Why can't mathematician agree on a definition!!!

and I think this question should be addressed. This answer is too long, but I think you have missed a major aspect of what mathematics is about.

Short version of this long answer:

The definitions all agree, but they are trying to model different aspects of the same idea.

A metric space is an abstraction of ordinary three-dimensional space, designed to emphasize certain aspects of geometry and analysis, so that we can understand them better.

A topological space is a different abstraction, designed to emphasize different aspects of geometry and analysis. It is more abstract and more general than a metric space, which means that there are more examples, but there is less that you can say about them.

Why have two definitions of “open set”? It is this: even before we invent metric spaces or topological spaces, we have an idea of an open set: geometrically, it is a region with no boundary; analytically, it is a kind of region for which a convergent sequence outside the set never converges to a point in the set. These are aspects of geometry and analysis that we would like to understand better, and metric spaces and topological spaces are invented for the purpose of understanding these ideas better, by abstracting away unnecessary details, and by focusing on what seems most important. Each kind of space is a context in which certain details are abstracted away and other details are brought into focus.

The point of the topological definition is to show that a topological space is a good context for understanding open sets. Open sets have many interesting properties: among them, that unions of open sets are open, but infinite intersections may not be. A topological space focuses on this aspect of open sets, and allows us to understand what these properties imply, without being distracted by other details.

The point of the metric space definition is to show that a metric space is a good context for understanding open sets. Open sets have many interesting properties: among them, that for each point $x$ of the set, any other point must also be in the set if it is close enough to $x$. A metric space focuses on this aspect of open sets, and allows us to understand what these properties imply, without being distracted by other details.

There is a theorem, early on, that proves that there is a certain way to understand any metric space as being an example of a topological space, and that if construed in this way, the metric space models open sets in the same way that the topological space does—the two notions of open sets agree about which sets are open.
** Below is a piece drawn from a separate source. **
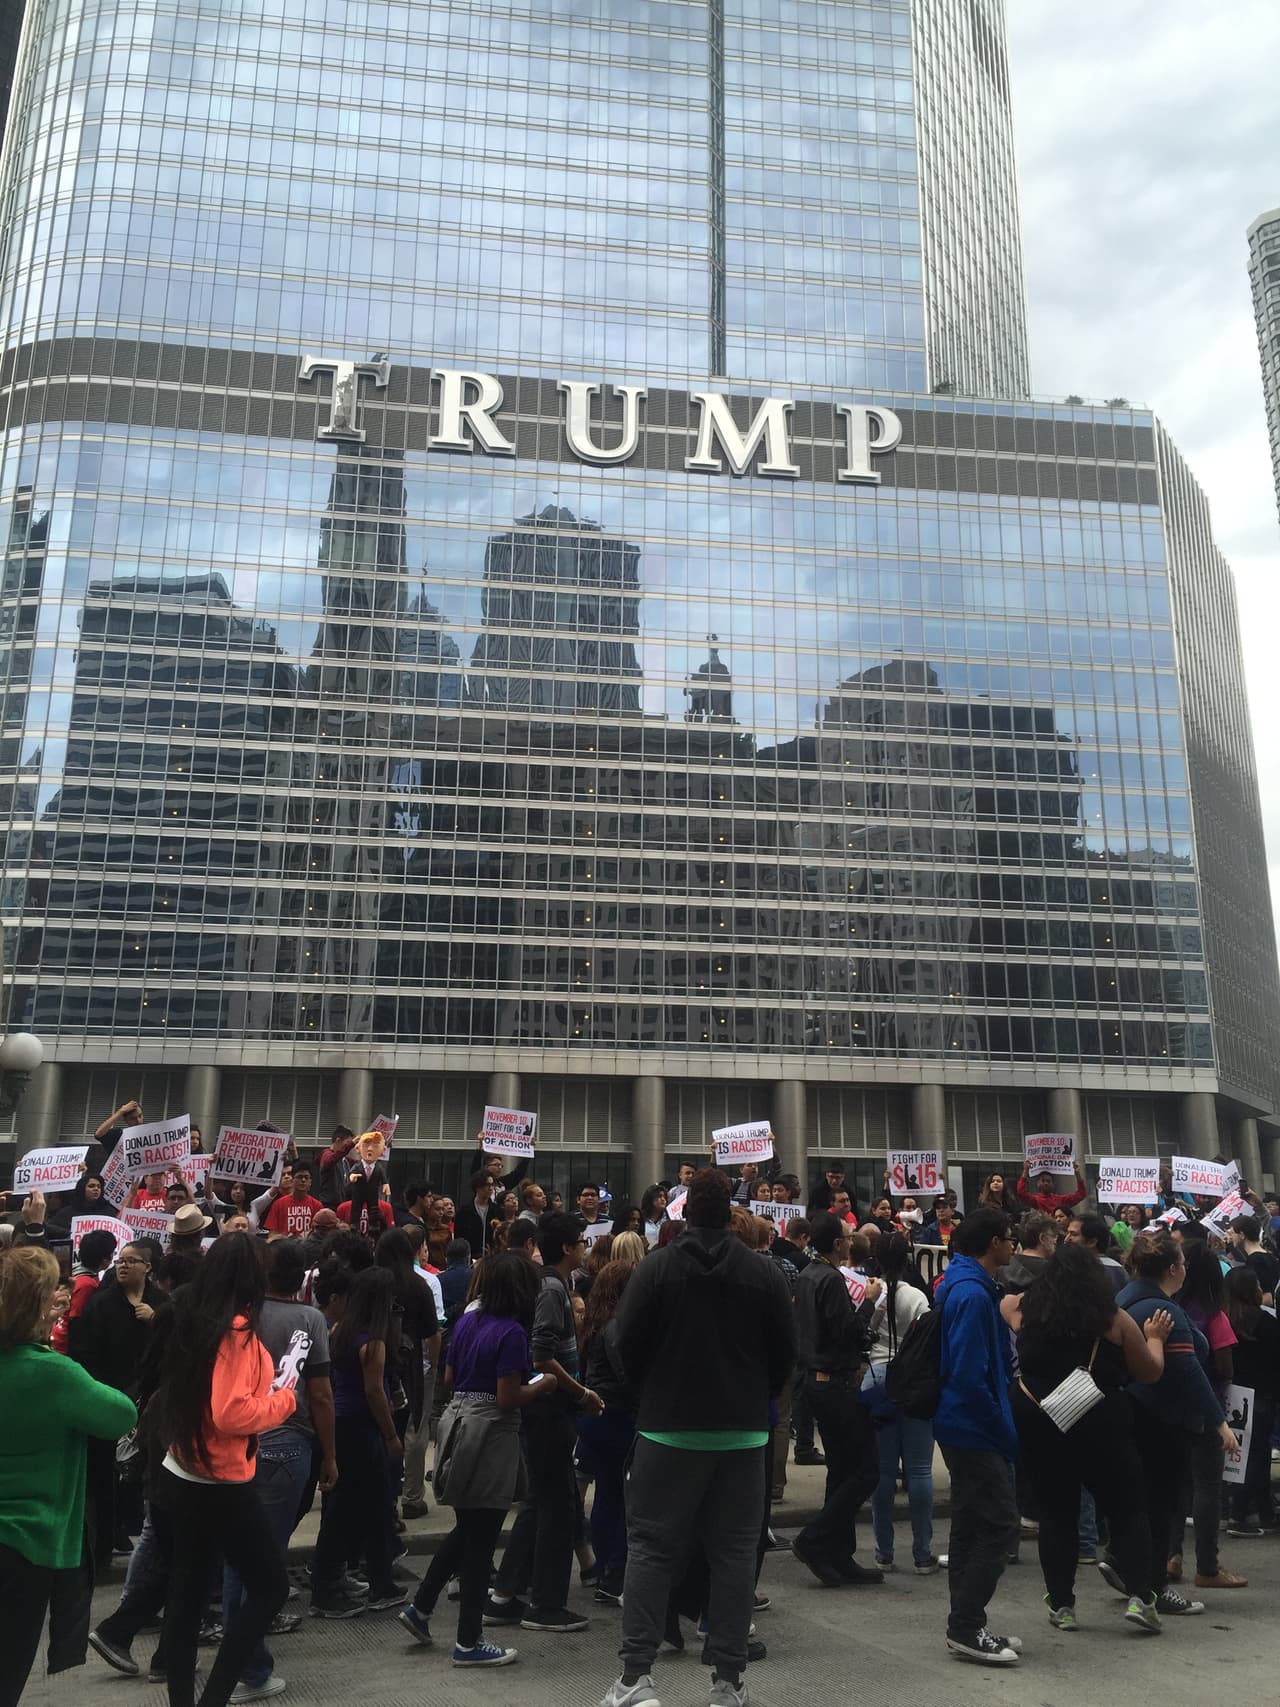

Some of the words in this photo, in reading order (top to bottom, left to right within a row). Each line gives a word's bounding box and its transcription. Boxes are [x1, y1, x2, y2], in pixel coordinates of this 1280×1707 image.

There is no conflict between the two definitions, only that the metric idea is more detailed and specific than the topological idea. (And so there are fewer examples, and it applies to fewer situations.)

You mentioned a third way, which is even more detailed and specific: open sets are certain subsets of the real line. Again, the idea we are trying to model is the same: sets with no boundary, or sets for which a convergent sequence outside the set never converges to a point in the set—but this time restricted to subsets of the real line. And again, there is no conflict between this definition and the others, because there is a theorem that proves there is a certain way to understand the real line as being an example of a metric space, and that if construed in this way, the real line models open sets in the same way that the metric space does.

You asked which definition to use. It depends on the context. If you are trying to prove something about the behavior of open sets in a topological space, you must use the topological definition. it does not make sense to try to use the metric definition, because not every topological space has a sensible notion of distance. If you are trying to prove something about the behavior of open sets in a metric space, it is usually easiest to depend on the metric definition, but the theorem that shows that every metric space is also a topological space, with the same open sets, means that the topological definition is also available to you. If you are trying to prove something about open subsets of the real line, you have even more to work with. For example, you can use the fact that every open set is a finite or countable union of open intervals, which is not true in general metric spaces.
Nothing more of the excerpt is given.